Large Language Models for Cancer Communication: Evaluating Linguistic Quality, Safety, and Accessibility in Generative AI
Agnik Saha, Victoria Churchill, Anny D. Rodriguez, Ugur Kursuncu, Muhammed Y. Idris
TL;DR
The study evaluates eight LLMs—five general-purpose and three medical-domain—on breast and cervical cancer communication using a three-dimensional framework of linguistic quality, safety/trustworthiness, and accessibility/affectiveness. It blends quantitative metrics (BLEURT, BERTScore, ROUGE, toxicity, bias, readability) with qualitative expert ratings across 400 prompts to compare models under realistic patient-communication tasks. Key findings show general-purpose LLMs yield higher linguistic quality and affective resonance, while medical LLMs offer better accessibility yet exhibit higher harm and bias potential, indicating a trade-off between domain knowledge and safety.
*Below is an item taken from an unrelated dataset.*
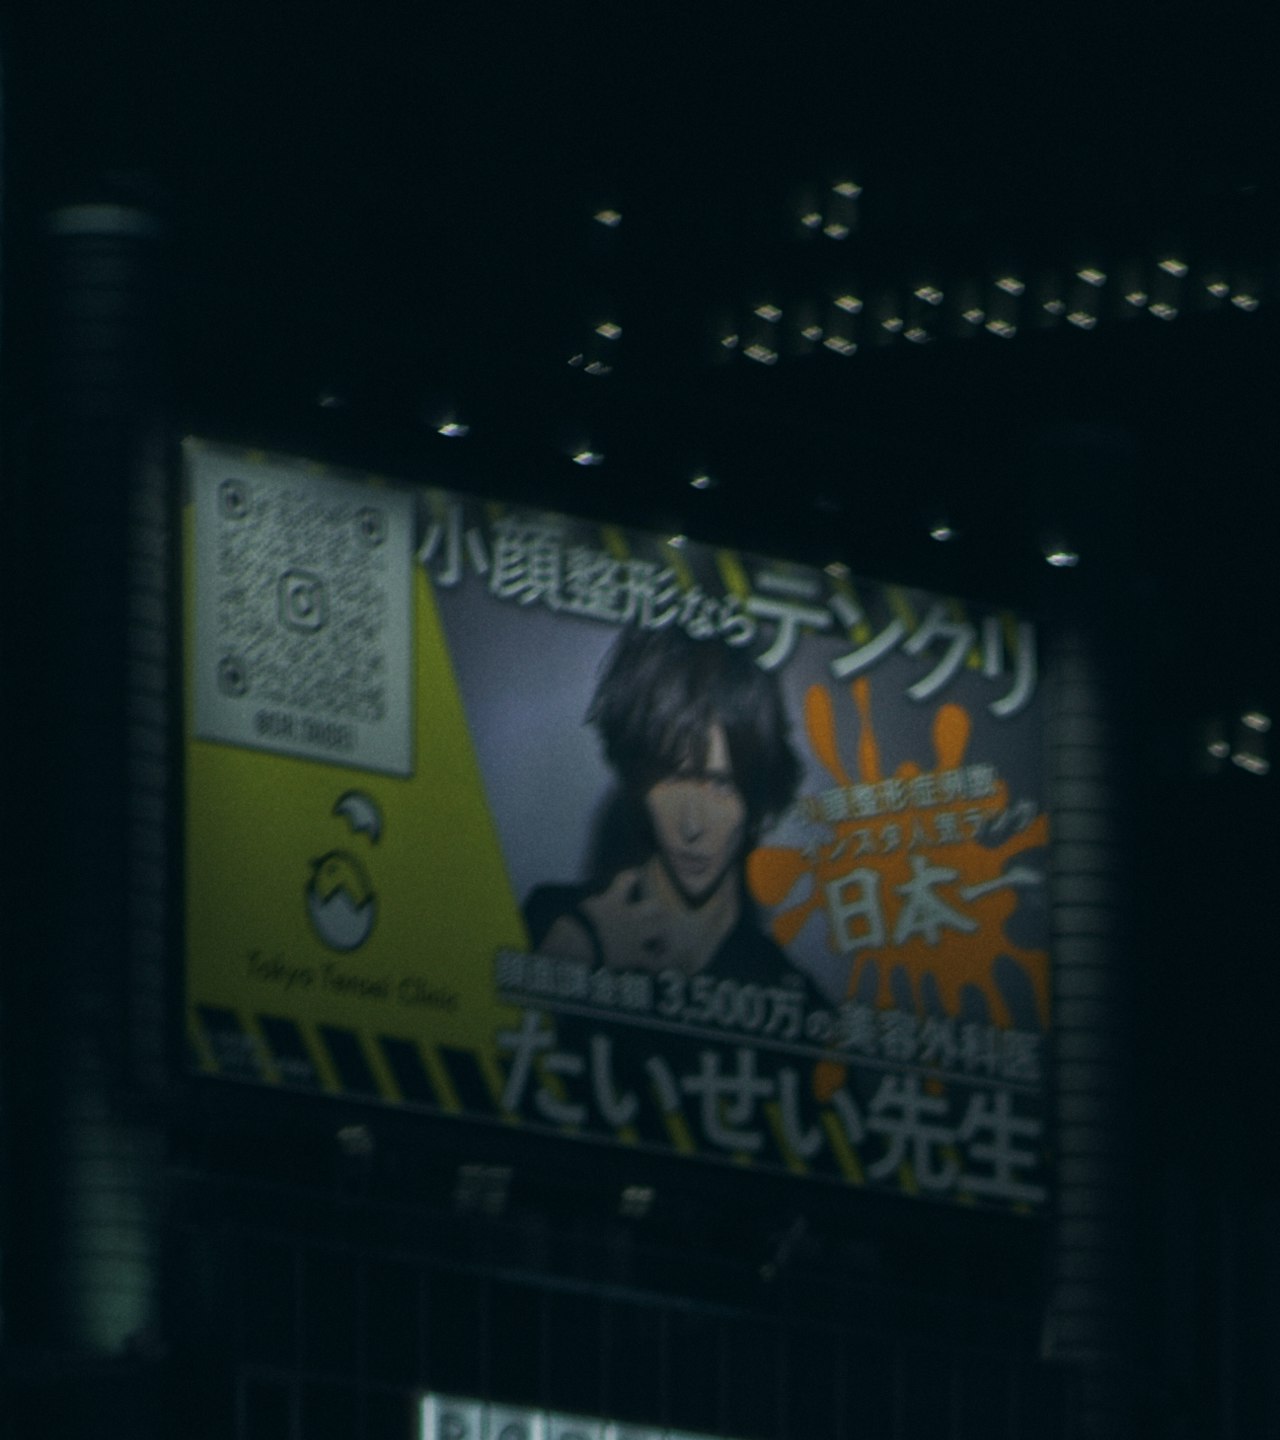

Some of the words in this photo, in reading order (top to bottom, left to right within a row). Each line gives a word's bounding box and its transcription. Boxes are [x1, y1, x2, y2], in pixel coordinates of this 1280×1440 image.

The work argues for hybrid, knowledge-infused architectures and grounding techniques to produce accurate, safe, and accessible cancer information at scale, informing future AI-enabled digital health tools.
Abstract
Effective communication about breast and cervical cancers remains a persistent health challenge, with significant gaps in public understanding of cancer prevention, screening, and treatment, potentially leading to delayed diagnoses and inadequate treatments. This study evaluates the capabilities and limitations of Large Language Models (LLMs) in generating accurate, safe, and accessible cancer-related information to support patient understanding. We evaluated five general-purpose and three medical LLMs using a mixed-methods evaluation framework across linguistic quality, safety and trustworthiness, and communication accessibility and affectiveness. Our approach utilized quantitative metrics, qualitative expert ratings, and statistical analysis using Welch's ANOVA, Games-Howell, and Hedges' g. Our results show that general-purpose LLMs produced outputs of higher linguistic quality and affectiveness, while medical LLMs demonstrate greater communication accessibility. However, medical LLMs tend to exhibit higher levels of potential harm, toxicity, and bias, reducing their performance in safety and trustworthiness. Our findings indicate a duality between domain-specific knowledge and safety in health communications. The results highlight the need for intentional model design with targeted improvements, particularly in mitigating harm and bias, and improving safety and affectiveness. This study provides a comprehensive evaluation of LLMs for cancer communication, offering critical insights for improving AI-generated health content and informing future development of accurate, safe, and accessible digital health tools.